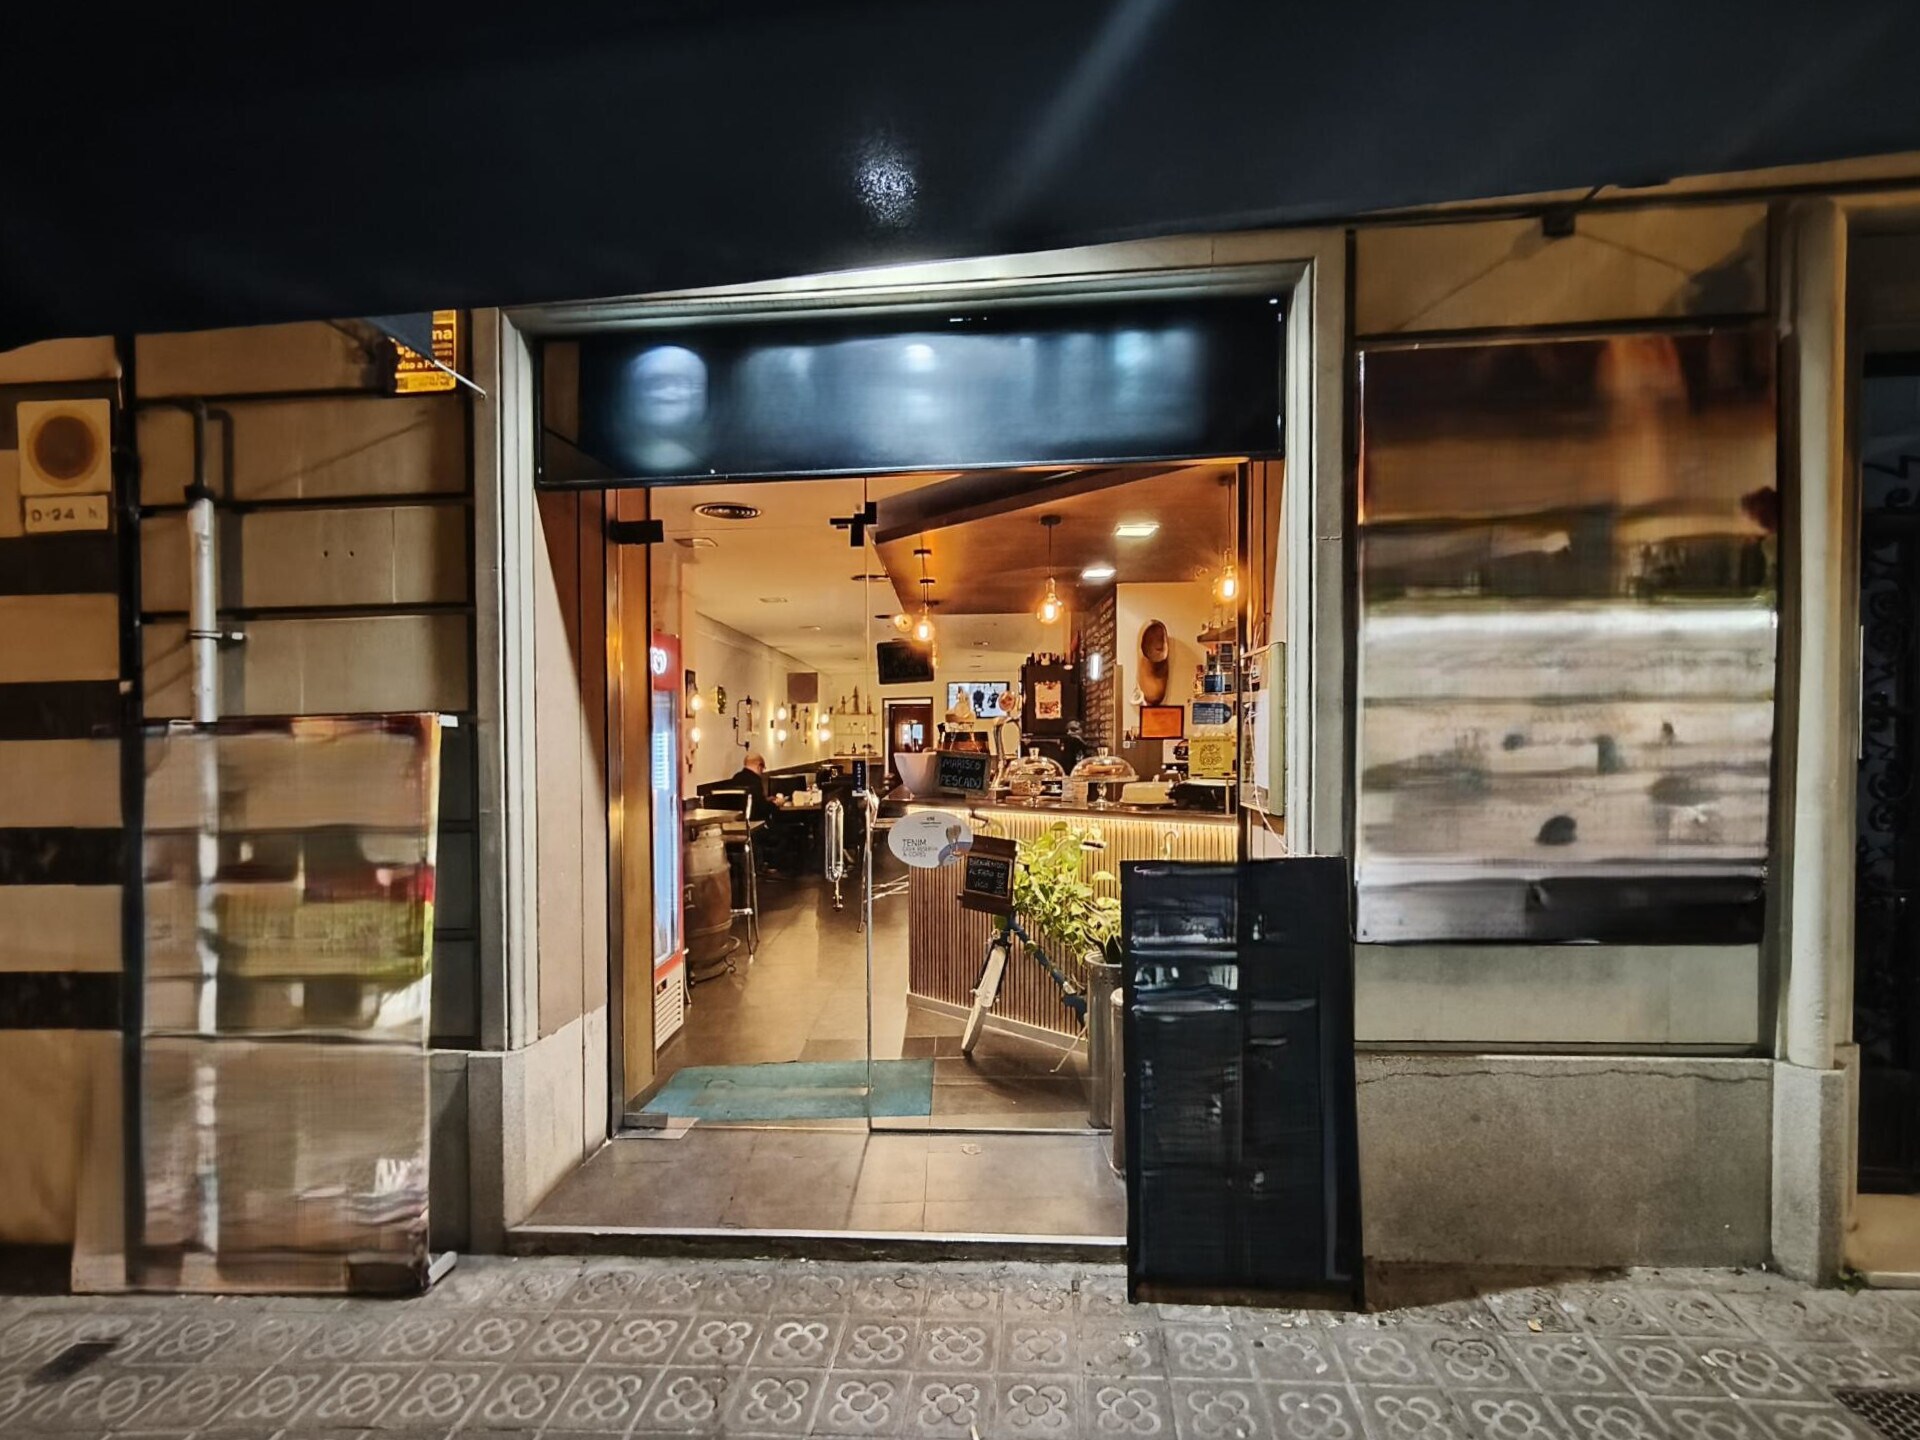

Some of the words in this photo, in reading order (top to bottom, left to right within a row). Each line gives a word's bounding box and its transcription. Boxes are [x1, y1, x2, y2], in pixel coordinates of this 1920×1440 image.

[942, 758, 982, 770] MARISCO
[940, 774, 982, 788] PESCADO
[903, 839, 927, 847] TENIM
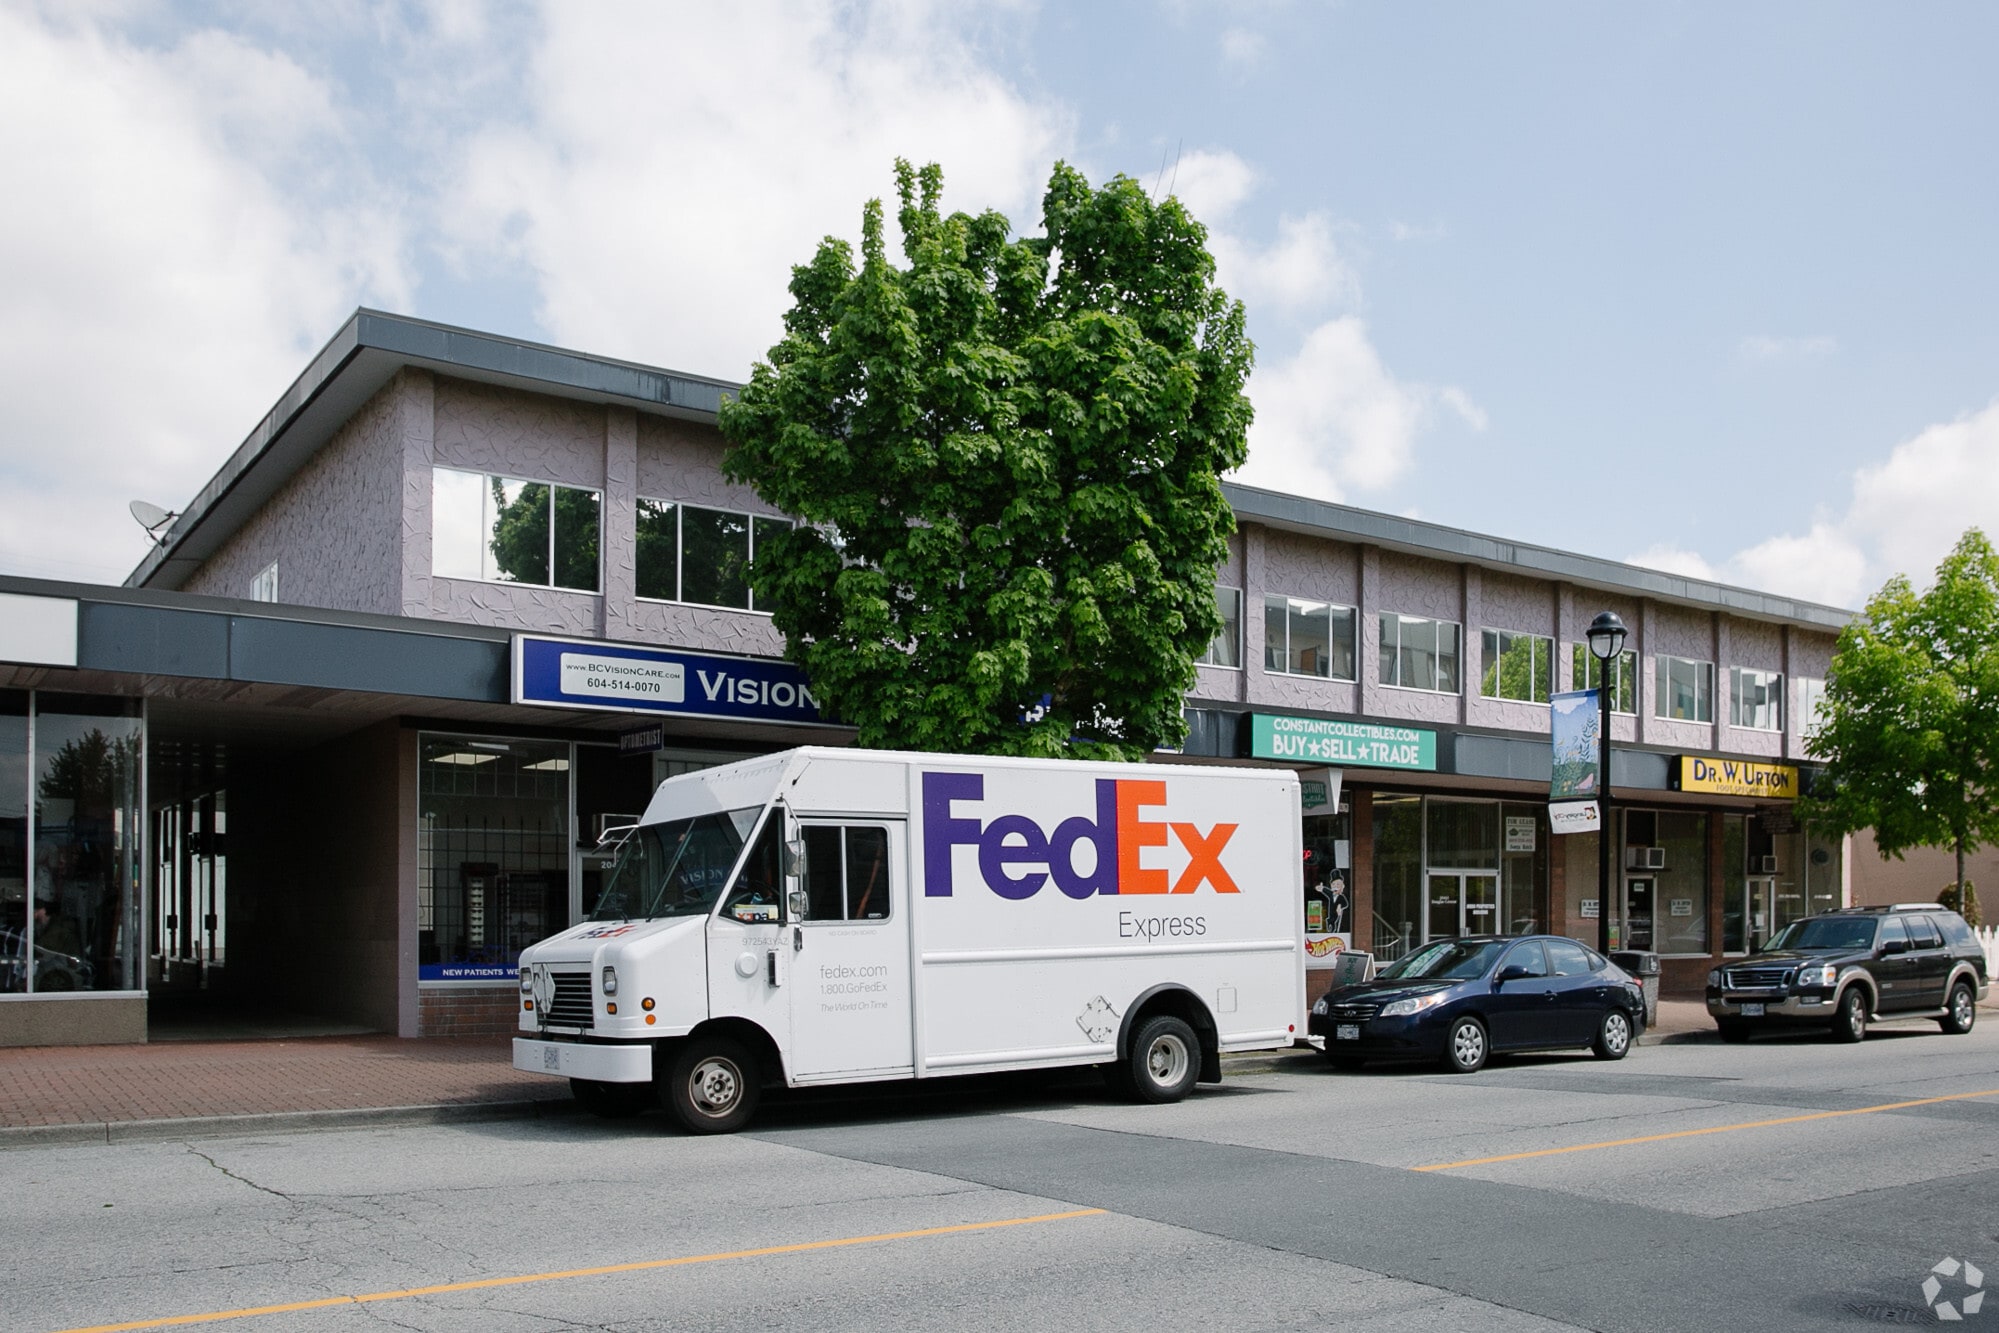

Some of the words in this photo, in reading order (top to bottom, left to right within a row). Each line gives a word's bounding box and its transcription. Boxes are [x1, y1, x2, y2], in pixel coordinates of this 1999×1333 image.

.....

• **WORK TO BE COMPLETED**:
Reproduce the entries exactly. Do not carry over any picture.

• **EXPECTED ANSWER**:
Some of the words in this photo, in reading order (top to bottom, left to right within a row). Each line gives a word's bounding box and its transcription. Boxes are [x1, y1, x2, y2], in pixel coordinates of this 1920×1440 image.

[942, 758, 982, 770] MARISCO
[940, 774, 982, 788] PESCADO
[903, 839, 927, 847] TENIM

Some of the words in this photo, in reading order (top to bottom, left to right within a row). Each line gives a word's bounding box and its transcription. Boxes are [x1, y1, x2, y2], in pixel coordinates of this 1999×1333 image.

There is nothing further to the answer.